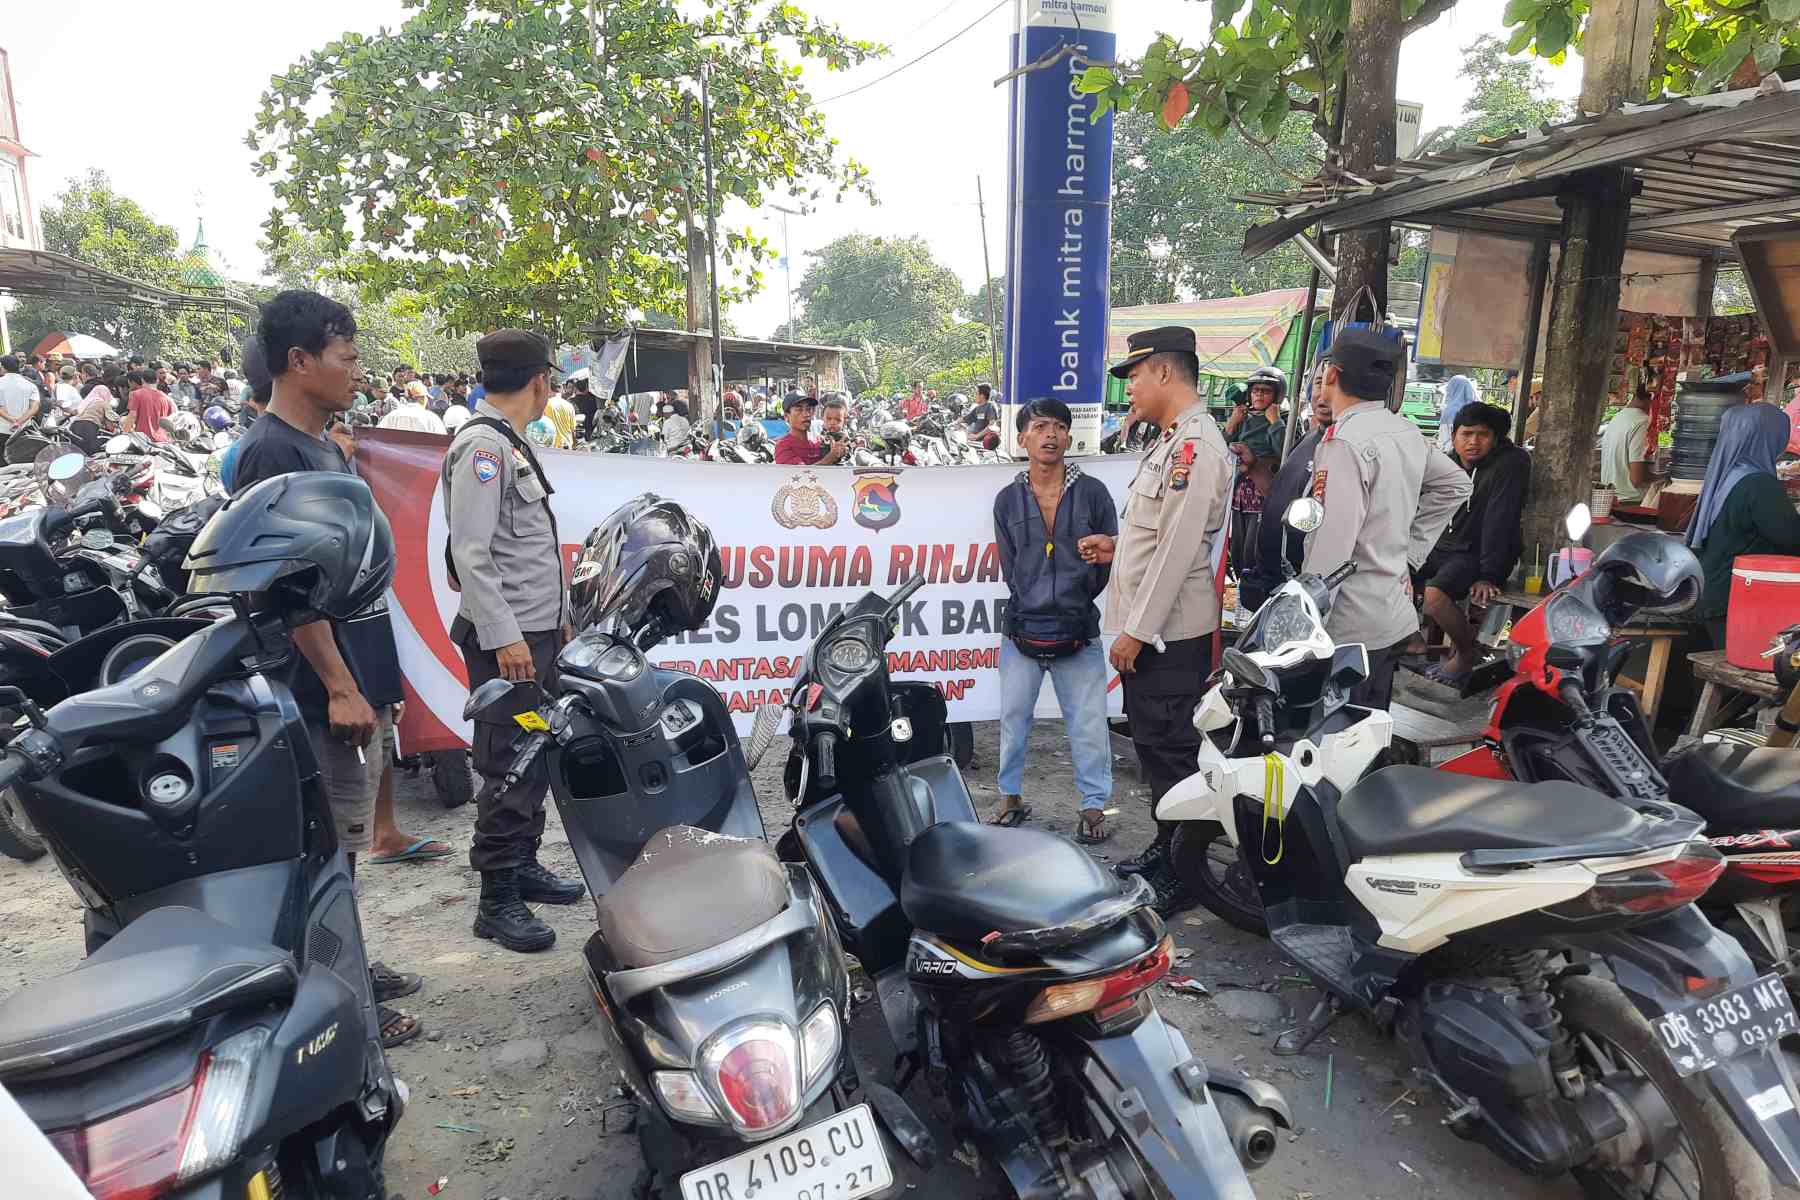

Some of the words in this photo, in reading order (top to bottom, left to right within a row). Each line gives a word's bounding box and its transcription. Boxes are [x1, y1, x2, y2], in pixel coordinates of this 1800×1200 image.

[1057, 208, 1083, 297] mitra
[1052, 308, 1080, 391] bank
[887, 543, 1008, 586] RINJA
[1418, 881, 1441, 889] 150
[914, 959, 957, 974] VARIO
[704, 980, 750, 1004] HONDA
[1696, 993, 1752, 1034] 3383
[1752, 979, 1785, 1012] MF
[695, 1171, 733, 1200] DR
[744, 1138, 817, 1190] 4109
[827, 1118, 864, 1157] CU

WORK ITEM: Write out the listing above again, exactly, but with no pictures in the copy.

REPLY TO THE TASK:
Some of the words in this photo, in reading order (top to bottom, left to right within a row). Each line gives a word's bounding box and its transcription. Boxes are [x1, y1, x2, y2], in pixel coordinates of this 1800×1200 image.

[1057, 208, 1083, 297] mitra
[1052, 308, 1080, 391] bank
[887, 543, 1008, 586] RINJA
[1418, 881, 1441, 889] 150
[914, 959, 957, 974] VARIO
[704, 980, 750, 1004] HONDA
[1696, 993, 1752, 1034] 3383
[1752, 979, 1785, 1012] MF
[695, 1171, 733, 1200] DR
[744, 1138, 817, 1190] 4109
[827, 1118, 864, 1157] CU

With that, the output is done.